» **Assigned task**
Transcribe every entry word for word. Skip the pictures.
********************
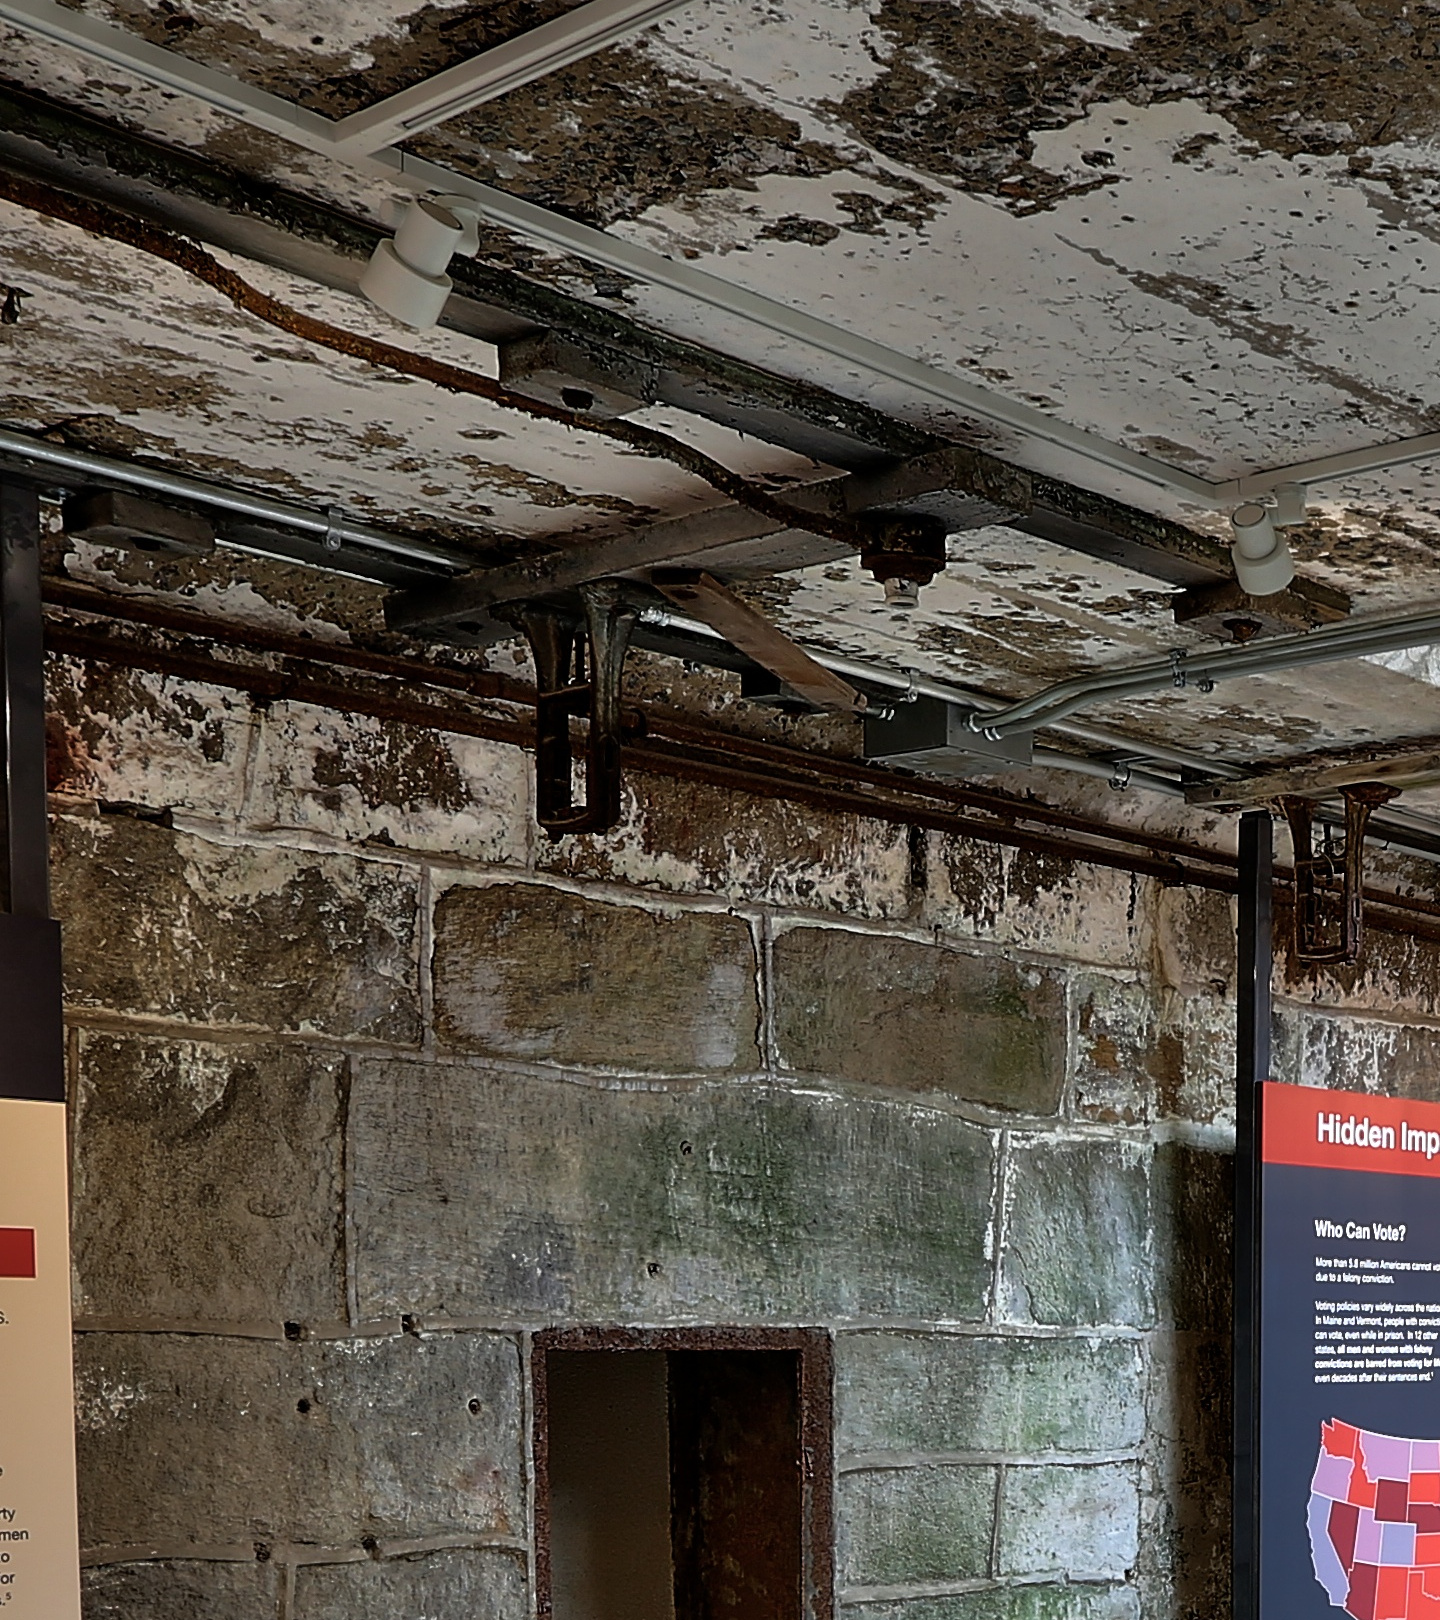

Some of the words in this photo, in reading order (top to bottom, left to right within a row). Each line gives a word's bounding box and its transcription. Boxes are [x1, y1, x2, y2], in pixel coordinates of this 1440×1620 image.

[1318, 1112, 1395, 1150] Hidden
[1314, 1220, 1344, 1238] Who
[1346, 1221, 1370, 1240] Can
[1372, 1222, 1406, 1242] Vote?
********************
» **Solution to the exercise**
Some of the words in this photo, in reading order (top to bottom, left to right within a row). Each line gives a word's bounding box and its transcription. Boxes are [x1, y1, x2, y2], in pixel coordinates of this 1440×1620 image.

[1318, 1112, 1395, 1150] Hidden
[1314, 1220, 1344, 1238] Who
[1346, 1221, 1370, 1240] Can
[1372, 1222, 1406, 1242] Vote?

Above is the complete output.